• YOUR GOAL: Please output the lines shown below exactly as they appear.

*** Opening of MATERIAL FOR THIS TASK ***

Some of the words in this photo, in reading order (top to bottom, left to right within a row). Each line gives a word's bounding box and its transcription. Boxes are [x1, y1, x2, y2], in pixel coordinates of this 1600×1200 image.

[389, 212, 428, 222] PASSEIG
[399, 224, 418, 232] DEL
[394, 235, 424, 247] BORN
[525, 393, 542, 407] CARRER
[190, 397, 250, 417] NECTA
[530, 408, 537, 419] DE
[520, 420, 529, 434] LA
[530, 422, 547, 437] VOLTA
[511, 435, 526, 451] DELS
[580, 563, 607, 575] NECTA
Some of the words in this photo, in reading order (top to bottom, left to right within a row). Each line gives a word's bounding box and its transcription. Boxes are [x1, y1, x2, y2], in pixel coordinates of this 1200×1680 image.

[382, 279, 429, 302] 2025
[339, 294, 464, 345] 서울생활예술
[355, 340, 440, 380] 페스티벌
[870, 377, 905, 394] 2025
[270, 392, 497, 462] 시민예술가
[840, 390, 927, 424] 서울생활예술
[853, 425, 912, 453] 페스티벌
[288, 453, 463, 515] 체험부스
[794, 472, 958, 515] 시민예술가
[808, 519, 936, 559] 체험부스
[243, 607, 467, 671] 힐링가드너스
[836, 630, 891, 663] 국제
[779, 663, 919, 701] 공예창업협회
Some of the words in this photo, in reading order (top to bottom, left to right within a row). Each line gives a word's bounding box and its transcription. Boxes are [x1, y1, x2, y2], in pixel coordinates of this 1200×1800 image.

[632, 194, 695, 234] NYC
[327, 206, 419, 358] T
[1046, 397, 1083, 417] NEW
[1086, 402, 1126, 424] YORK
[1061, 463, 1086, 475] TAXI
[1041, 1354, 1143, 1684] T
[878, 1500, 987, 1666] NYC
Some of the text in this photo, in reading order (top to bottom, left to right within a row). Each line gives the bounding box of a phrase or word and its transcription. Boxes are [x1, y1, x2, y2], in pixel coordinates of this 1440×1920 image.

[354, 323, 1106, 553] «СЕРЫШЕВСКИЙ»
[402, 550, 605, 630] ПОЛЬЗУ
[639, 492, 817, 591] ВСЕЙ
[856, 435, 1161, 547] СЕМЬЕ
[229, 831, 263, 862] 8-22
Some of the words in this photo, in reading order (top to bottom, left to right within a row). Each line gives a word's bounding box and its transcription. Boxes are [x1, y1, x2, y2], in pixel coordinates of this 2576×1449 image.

*** Close of MATERIAL FOR THIS TASK ***

• OUTPUT:
Some of the words in this photo, in reading order (top to bottom, left to right within a row). Each line gives a word's bounding box and its transcription. Boxes are [x1, y1, x2, y2], in pixel coordinates of this 1600×1200 image.

[389, 212, 428, 222] PASSEIG
[399, 224, 418, 232] DEL
[394, 235, 424, 247] BORN
[525, 393, 542, 407] CARRER
[190, 397, 250, 417] NECTA
[530, 408, 537, 419] DE
[520, 420, 529, 434] LA
[530, 422, 547, 437] VOLTA
[511, 435, 526, 451] DELS
[580, 563, 607, 575] NECTA
Some of the words in this photo, in reading order (top to bottom, left to right within a row). Each line gives a word's bounding box and its transcription. Boxes are [x1, y1, x2, y2], in pixel coordinates of this 1200×1680 image.

[382, 279, 429, 302] 2025
[339, 294, 464, 345] 서울생활예술
[355, 340, 440, 380] 페스티벌
[870, 377, 905, 394] 2025
[270, 392, 497, 462] 시민예술가
[840, 390, 927, 424] 서울생활예술
[853, 425, 912, 453] 페스티벌
[288, 453, 463, 515] 체험부스
[794, 472, 958, 515] 시민예술가
[808, 519, 936, 559] 체험부스
[243, 607, 467, 671] 힐링가드너스
[836, 630, 891, 663] 국제
[779, 663, 919, 701] 공예창업협회
Some of the words in this photo, in reading order (top to bottom, left to right within a row). Each line gives a word's bounding box and its transcription. Boxes are [x1, y1, x2, y2], in pixel coordinates of this 1200×1800 image.

[632, 194, 695, 234] NYC
[327, 206, 419, 358] T
[1046, 397, 1083, 417] NEW
[1086, 402, 1126, 424] YORK
[1061, 463, 1086, 475] TAXI
[1041, 1354, 1143, 1684] T
[878, 1500, 987, 1666] NYC
Some of the text in this photo, in reading order (top to bottom, left to right within a row). Each line gives the bounding box of a phrase or word and its transcription. Boxes are [x1, y1, x2, y2], in pixel coordinates of this 1440×1920 image.

[354, 323, 1106, 553] «СЕРЫШЕВСКИЙ»
[402, 550, 605, 630] ПОЛЬЗУ
[639, 492, 817, 591] ВСЕЙ
[856, 435, 1161, 547] СЕМЬЕ
[229, 831, 263, 862] 8-22
Some of the words in this photo, in reading order (top to bottom, left to right within a row). Each line gives a word's bounding box and its transcription. Boxes are [x1, y1, x2, y2], in pixel coordinates of this 2576×1449 image.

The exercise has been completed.